Geçen haftaki Selçuk seyahatimin son gününü Efes Antik Kent’e ayırdım. Bir kez daha mirası üzerinde yaşadığımız tarihe hayran kaldım. Üstelik inanılmaz bir rehberimiz vardı, antik kentin her taşına hâkim. Öylesine tutkuyla anlatıyor, öyle güzel detaylar veriyor ki âdeta gözünüzde canlanıyor Domitian Meydanı’nın, Kuretler Caddesi’nin, Agora’nın cıvıl cıvıl olduğu dönemler. “Hayal edin” diyor zaten rehberimiz Ömer Bey, “Burası kalabalık, İstiklal Caddesi gibi bir cadde”. Şurada yan yana oturulan umumi tuvaletler (Zenginler kış aylarında önce kölelerini yollarlarmış oturacakları tuvaleti ısıtmaları için), burada baharatçılar, tuvaletten gelecek kokuları bastırmak için, tam şurada genelev, hatta taşa kazınmış ayak izi şeklinde reklamı bile var, “Tarihin ilk reklam panosu” olarak anılan. Zafer Tanrıçası Nike’ın heykelinin üzerinde Nike logosuna ilham olan işareti tespit ediyoruz, spor ayakkabısı bu marka olan turistler fotoğraf çektiriyor ayaklarını yanına koyup.

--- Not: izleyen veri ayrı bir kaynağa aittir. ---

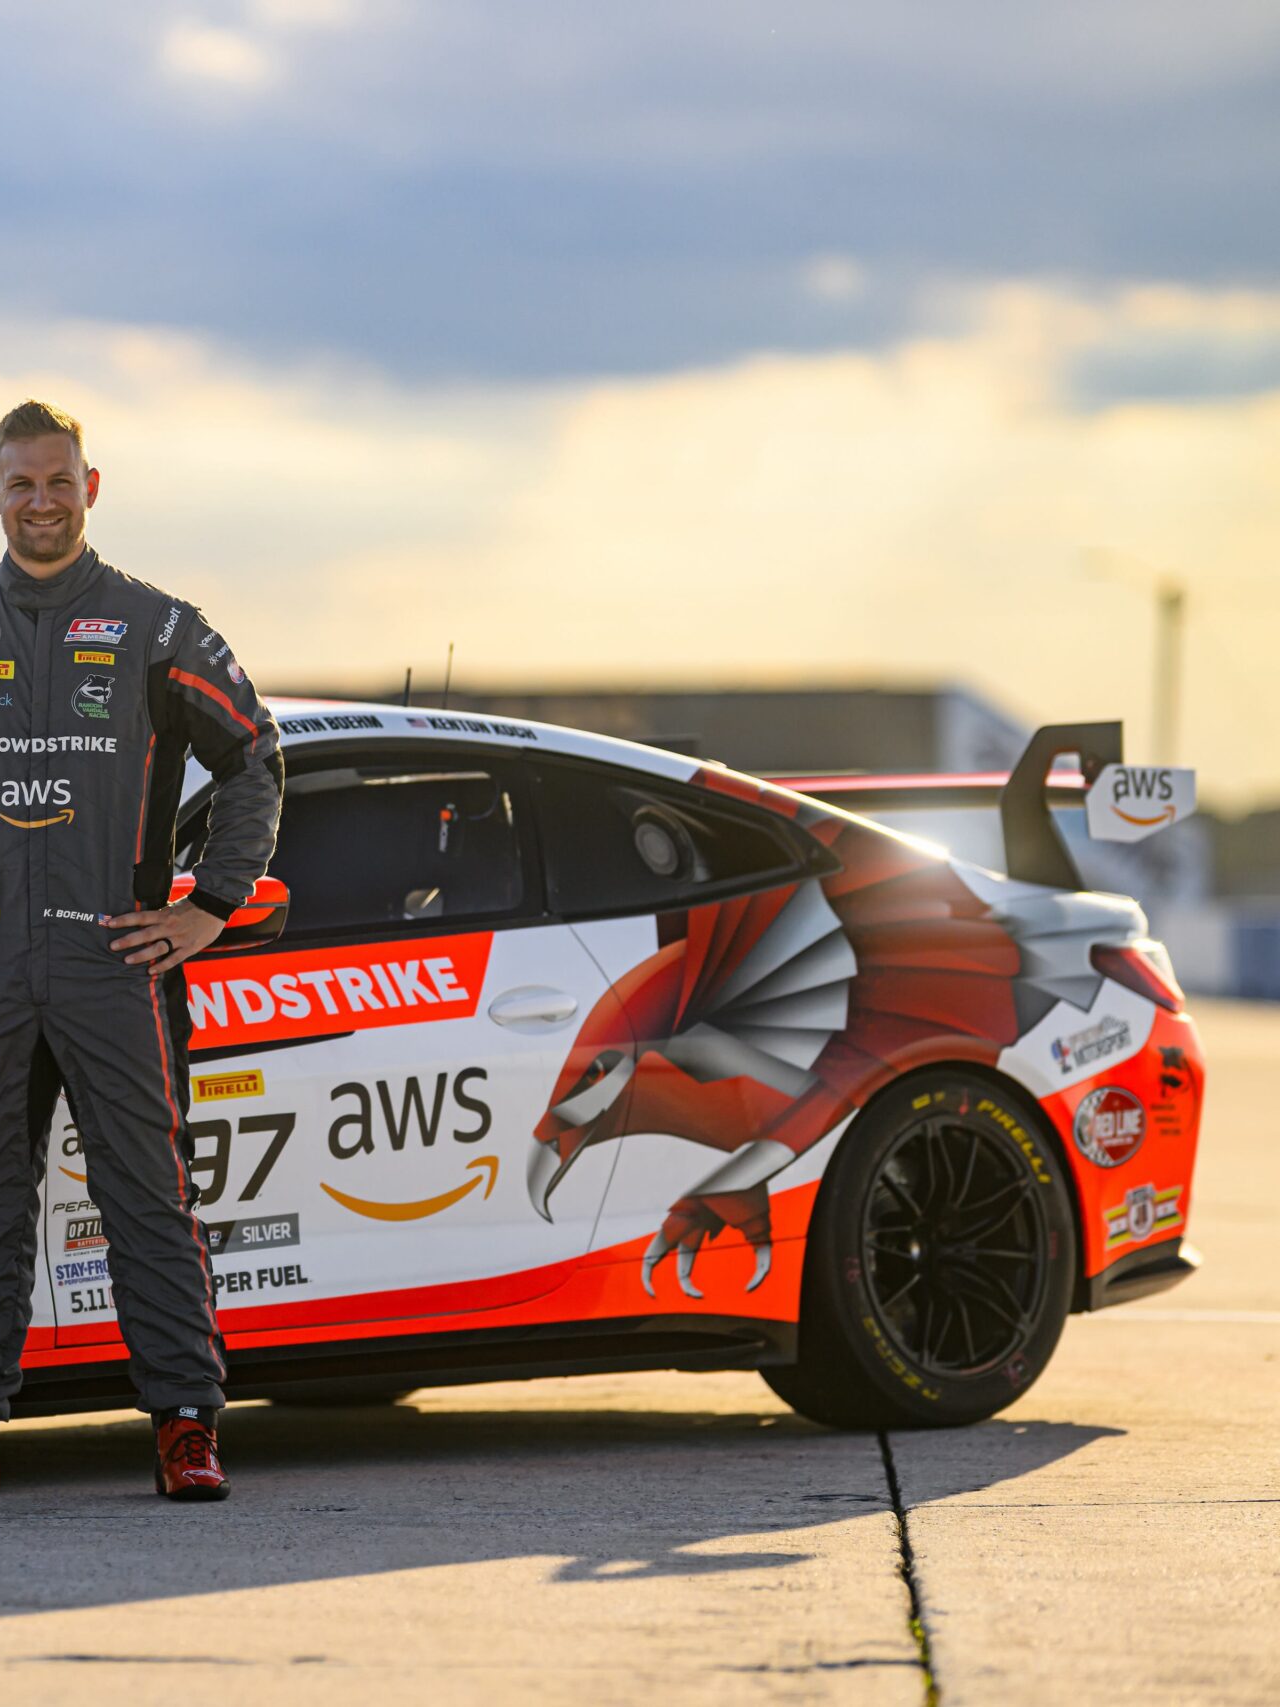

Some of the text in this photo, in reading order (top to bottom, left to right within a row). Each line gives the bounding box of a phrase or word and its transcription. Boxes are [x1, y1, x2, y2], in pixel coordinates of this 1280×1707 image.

[81, 634, 118, 642] AMERICA
[158, 607, 181, 646] Sabelt
[77, 653, 113, 663] PIRELLI
[279, 715, 384, 735] KEVIN BOEHM
[426, 717, 538, 740] KENTON KOCH
[1, 778, 71, 806] aws
[1112, 768, 1173, 803] aws
[43, 908, 94, 922] K. BOEHM
[186, 957, 470, 1031] WDSTRIKE
[197, 1074, 258, 1098] PIRELLI
[326, 1067, 493, 1160] aws
[189, 1112, 297, 1207] 97
[68, 1220, 103, 1239] OPTI
[242, 1222, 292, 1243] SILVER
[257, 1265, 308, 1289] FUEL
[70, 1288, 108, 1313] 5.11
[179, 1407, 198, 1417] OMP

Bu arada rehberimiz Gümüldürlü ve çocukluğu da buralarda geçmiş. Hangi kazılarda ne bulundu, hangi eserler hangi ülkeye kaçırıldı, bir bir anlatıyor. Artemis heykelleri olsun ‘megaloman imparator’ Domitianus’un heykelinden kalan kafa ve kol olsun, orada bulunduğunu söylediği hiçbir eser yerinde değil, Efes Müzesi’ne gidersek görebiliriz. Bir an aklımdan geçiyor, “Keşke burada sergilenebilseydi” diye, “Ne olabilirdi yani?”. Sanki aklımı okumuş gibi ortasından çatlak geçen bir sütuna yönlendiriyor bizi, rehberimiz. “İnanmayacaksınız, bunu bir çocuk karate yaparak kırdı”. Nasıl yani? Bir öğrenci gelip üstünde karate denemiş. Burası kameraların görmediği alanda kaldığı için fark edip engel olamamışlar. Bir zamanlar üzerinde oluğu söylenen büst neyse ki müzedeymiş de sağlam şu an. Geri alıyorum bütün iyimser düşüncelerimi.

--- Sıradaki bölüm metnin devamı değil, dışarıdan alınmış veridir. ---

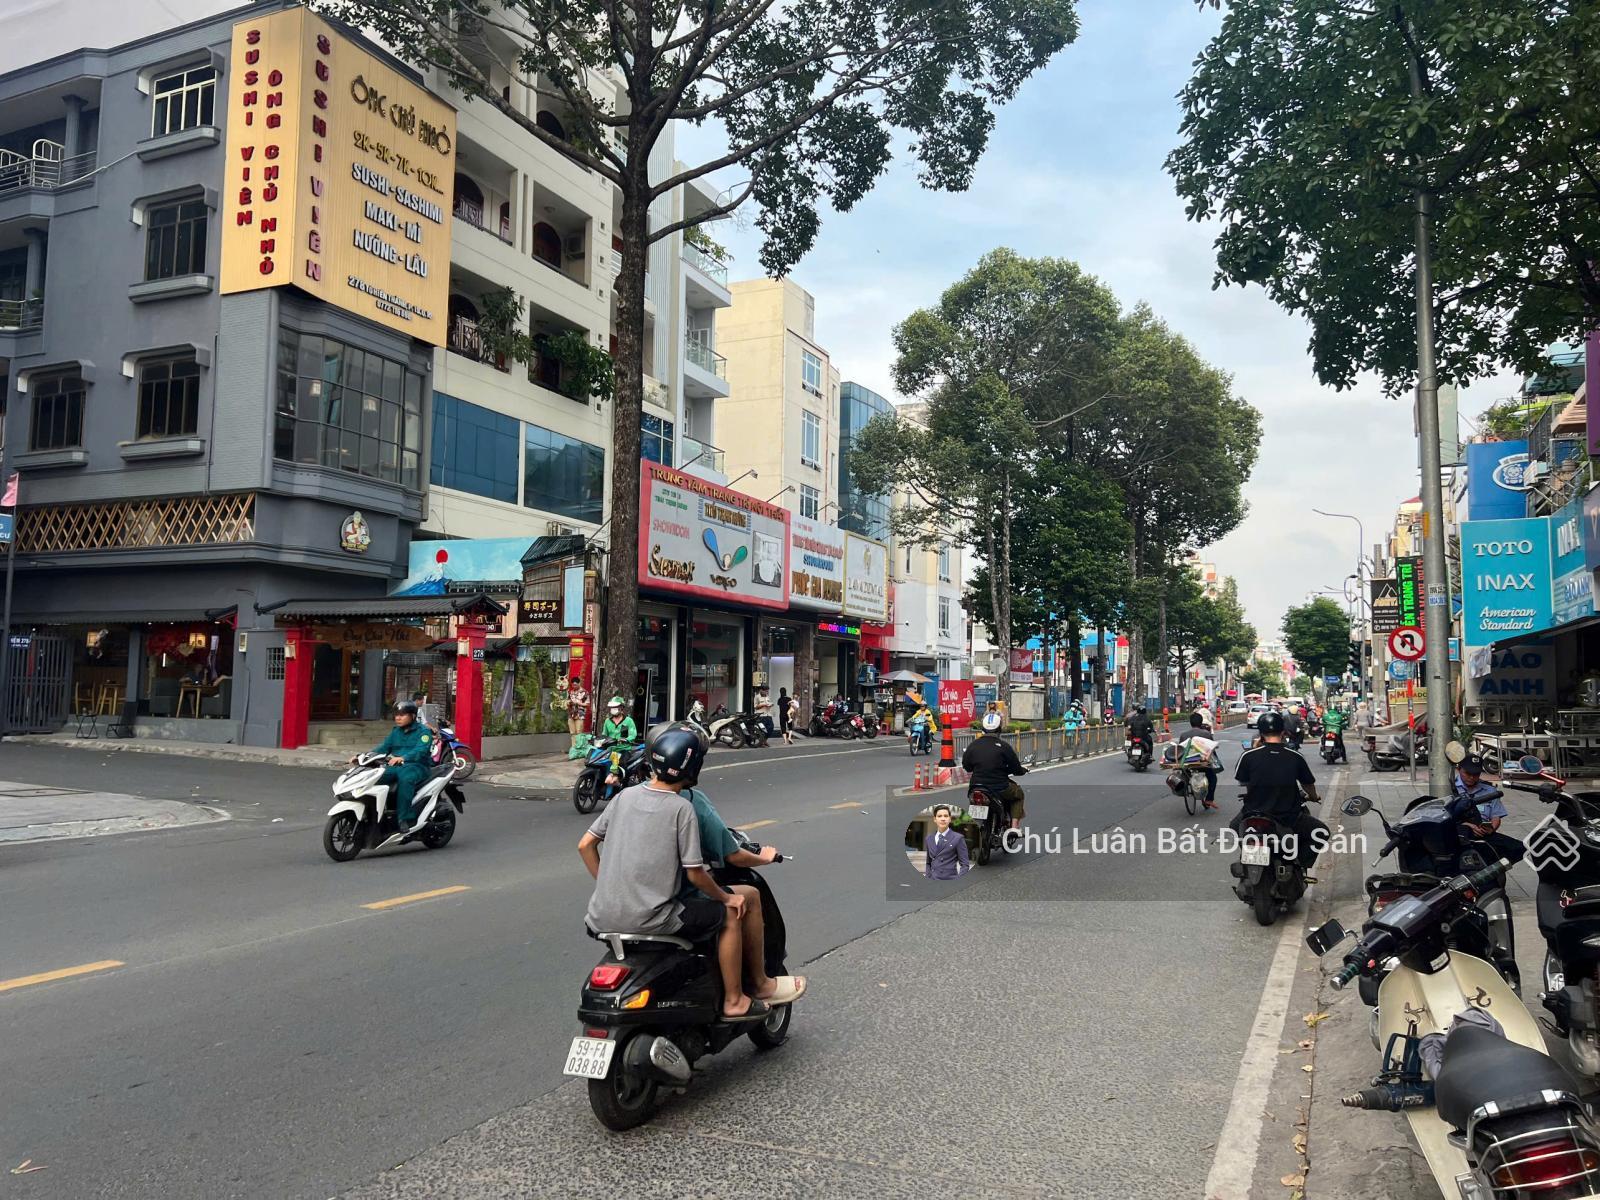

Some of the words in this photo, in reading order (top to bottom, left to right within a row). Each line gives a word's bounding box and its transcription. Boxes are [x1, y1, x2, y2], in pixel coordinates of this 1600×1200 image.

25 bin kapasiteli Antik Tiyatro’dan geçerek finale yaklaşıyoruz. Kenti bir zamanlar denize bağlayan görkemli Liman Caddesi son durağımız. Kimi kırılmalar var yolda, neden dersiniz? Catering şirketlerinin taşıma araçlarındanmış. Evet, Celsus Kütüphanesi’nin merdivenlerinde düzenlenen yemeklere gelen araçlardan söz ediyorum. Ciddi bir hasar sayılmaz ama ciddi bir risk değil mi? Binlerce yılda onca medeniyet görmüş, giden herhangi bir şeyin yerine konması imkânsız bir değerden söz ediyoruz, gözümüz gibi korumamız gereken

Çok kedi var, Efes Antik Kent’te yaşayan. Fark etmiyorsunuz bile varlıklarını. Mermer basamaklarda tüy gibi adımlarla yürüyor, heykellerin ayaklarında, İyon sütun başlıklarında kıvrılıp yatıyorlar. Binlerce yıllık tarihle, kültürle uyum içinde. Kırmadan, dökmeden, zarar vermeden, kirletmeden. İnsanın geçtiği yerlerde ise hep bir iz. Ama sütun çatlağı ama çubuk kraker paketi, illa bir iz. Hayvanlarda olmadığına inanılan bir şeye; ‘düşünme yeteneğine’ sahip olmamızın sonucu bu demek…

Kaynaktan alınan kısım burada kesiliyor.